You can also throw in the fact that another 34 percent of buyers came from the low down payment FHA market. So you basically have investors looking for dirt cheap properties while local residents can only afford a tiny down payment because of the weak economy. These are working class areas for the most part. The problem with a market like Arizona’s is that you have the housing bubble tied in with a large part of the economic base. When the bubble bursts you also lose some of your bigger industries like construction:
Arizona now employs the same number of people in construction as it did back in 1995 with a much larger population. More to the point, families working in Arizona are only able to afford so much on their housing payment. This is why after a major correction, the September 2010 re-sale home sold for $130,000 but this figure slipped to $120,000 in September of 2011. While the unemployment rate has fallen a bit from the peak you are moving people from higher paying jobs in construction to sectors like leisure and hospitality that pay much less:
The typical American worker is pulling in $26,000 so this is sometimes lost on many investors. Rental vacancy rates are still very high:
Although it looks like it has improved, it is still incredibly high. Plus, 2009 and 2010 had a bit of a rebound with the stock market which has evaporated in 2011. How much will this impact the local market?
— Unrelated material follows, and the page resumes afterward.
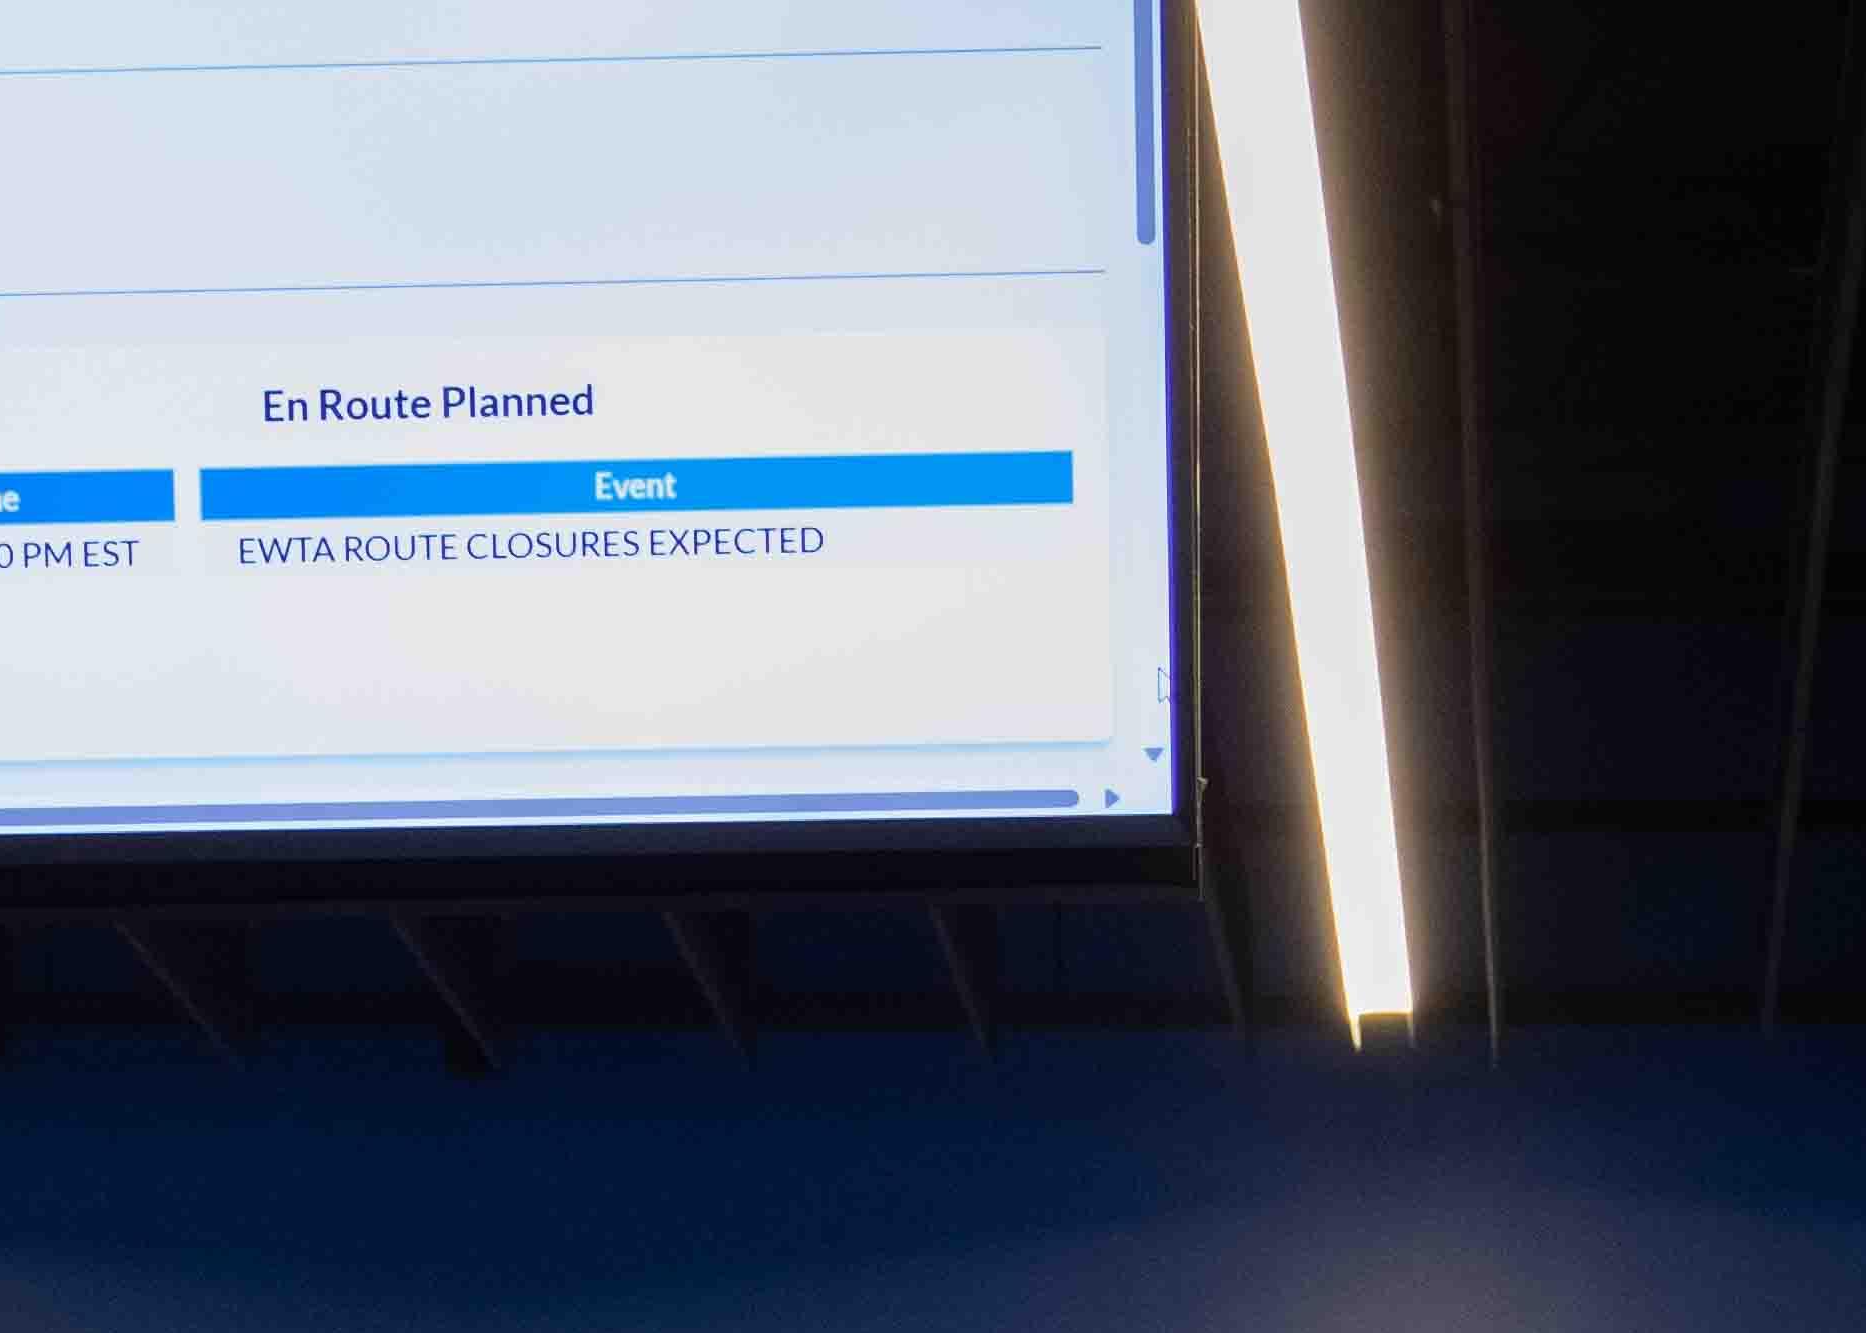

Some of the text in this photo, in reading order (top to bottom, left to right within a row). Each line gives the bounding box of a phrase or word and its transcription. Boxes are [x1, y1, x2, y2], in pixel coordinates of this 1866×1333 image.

What is more disturbing is that with home prices so low, you have to ask why are so few people buying here that are non-investors? Obviously the locals know more about an area and the employment prospects that are around.
A quick glance even shows some multi-unit places with multiple vacancies:
Those looking for a quick buck or for rentals that will stay rented for ages might be in for a tough market ahead. For most Americans the economy is not picking up and low prices might exist for a reason.